2) You just met your cousin's girlfriend. You hate her. From her holier-than-thou attitude, the way she calls you hun, and their PDA at the dinner table -- all of it makes you want to barf. You even hate her side dish. (We do sweet potatoes with marshmallows in this family, thank you.)

How to cope: Stab her with a fork. Kidding. That's too messy. Try slipping in side comments that make her uncomfortable and rave about his last girlfriend's cooking mastery. Have a serious discussion with your cousin later, while she's trying to impress everyone by doing the dishes.

3) Your grandma is going to be the nuttiest one in the room. From her comments about your dating life to her reminiscing about the good ol' days, she's just one step away from the crazy granny in "Wedding Crashers."

How to cope: Record her crazy stories. This will make good material for any future creative endeavor.

4) You can expect your 16-year-old cousin to be too cool for anyone, and to make it known. You'll see him sitting silently in the corner, texting and listening to his iPod full of hardcore music, making a comment about all the "little kids" running around.

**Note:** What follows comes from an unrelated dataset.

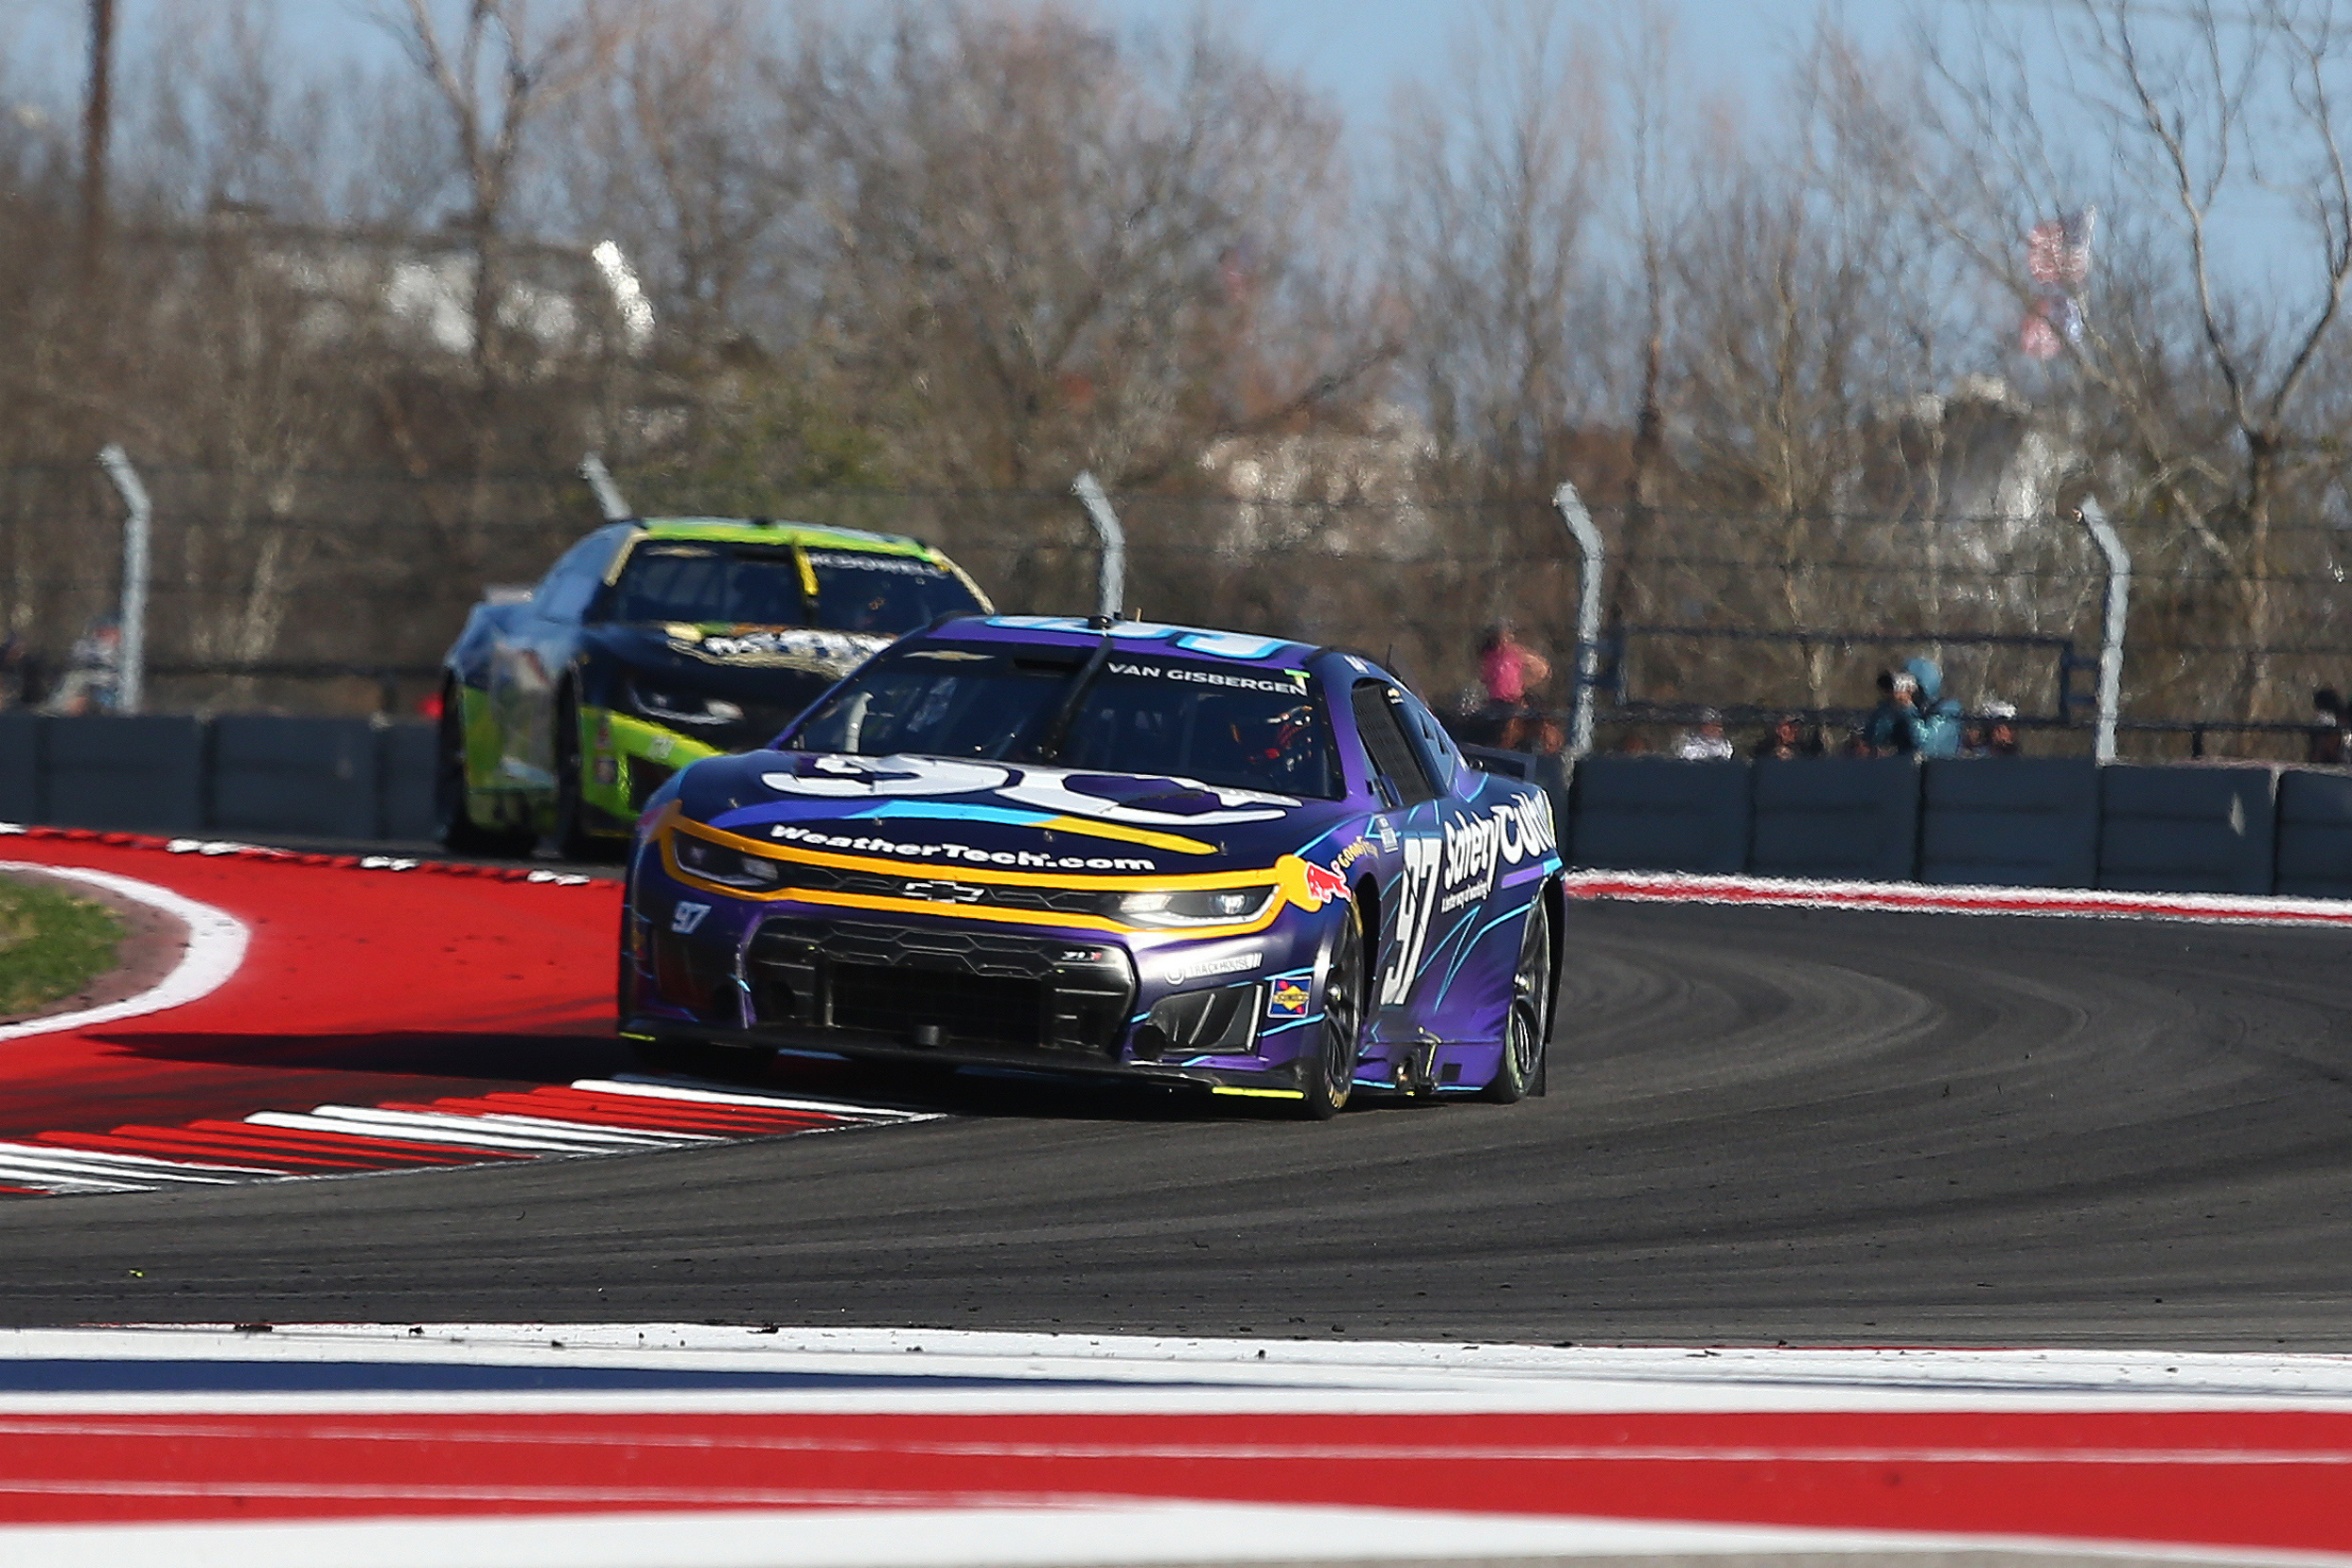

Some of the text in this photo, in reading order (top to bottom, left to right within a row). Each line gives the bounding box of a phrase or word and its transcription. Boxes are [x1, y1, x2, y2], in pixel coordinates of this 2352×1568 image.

How to cope: Call him "kiddo." Pat his head. Talk about your love of Britney Spears. Reminisce about the days when he would play with Barbies. Watch him squirm.

5) Why does your 17-year-old cousin have a better sex life than you do? Her phone is blowing up and she talks to you (are you cool now?) about the three guys whom she's "hooking up with." She explains why she broke up with Jake and how's she's all about keeping it casual these days. Wait, is that a tongue piercing?

How to cope: Keep it cool. Listen. Hell, maybe you'll learn something. Then remind yourself that she's 17. If you're religious, make a date to take her church.

6) Your cousin made it into college this year, thank God. A liberal arts major, you can expect him come to dinner totally stoned and talking about countries in Africa you haven't even heard of.

How to cope: Tell him the shoes he's wearing were made by sweatshops in Latin America. Encourage him to follow his heart and become a documentary filmmaker and leave the country. If he succeeds, you'll be related to someone worth bragging about. If he doesn't, well, at least you won't see him next year.

7) Your mom and aunt, after cooking all day, will soon bust out the wine in the kitchen and commence giggling and remembering their teenage years.

How to cope:
Grab a glass and join them.

8) You won't get the wishbone. You're even too old to play.

How to cope: Those things never work anyway. You're too mature for that BS. Eat another piece of pie.

9) Your married, expectant cousin will hint at marriage for you, talking about her husband's best friend whom you'd be perfect with.

How to cope:
Talk about all the fun you have being single. Remind yourself that you're not going to be gaining 30 lbs. anytime soon and that you don't have to ask before going out to get sloshed with the girls. Oh, the things to be thankful for!